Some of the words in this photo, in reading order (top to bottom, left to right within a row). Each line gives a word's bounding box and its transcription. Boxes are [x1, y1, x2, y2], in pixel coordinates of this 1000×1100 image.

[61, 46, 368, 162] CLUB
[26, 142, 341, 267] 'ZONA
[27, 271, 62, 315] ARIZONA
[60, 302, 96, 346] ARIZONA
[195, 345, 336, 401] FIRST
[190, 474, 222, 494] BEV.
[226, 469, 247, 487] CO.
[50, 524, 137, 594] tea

------------------------------------

§ **Assignment**
Would you please output every record again, exactly?

§ **Output of the exercise**
Some of the words in this photo, in reading order (top to bottom, left to right within a row). Each line gives a word's bounding box and its transcription. Boxes are [x1, y1, x2, y2], in pixel coordinates of this 1000×1100 image.

[61, 46, 368, 162] CLUB
[26, 142, 341, 267] 'ZONA
[27, 271, 62, 315] ARIZONA
[60, 302, 96, 346] ARIZONA
[195, 345, 336, 401] FIRST
[190, 474, 222, 494] BEV.
[226, 469, 247, 487] CO.
[50, 524, 137, 594] tea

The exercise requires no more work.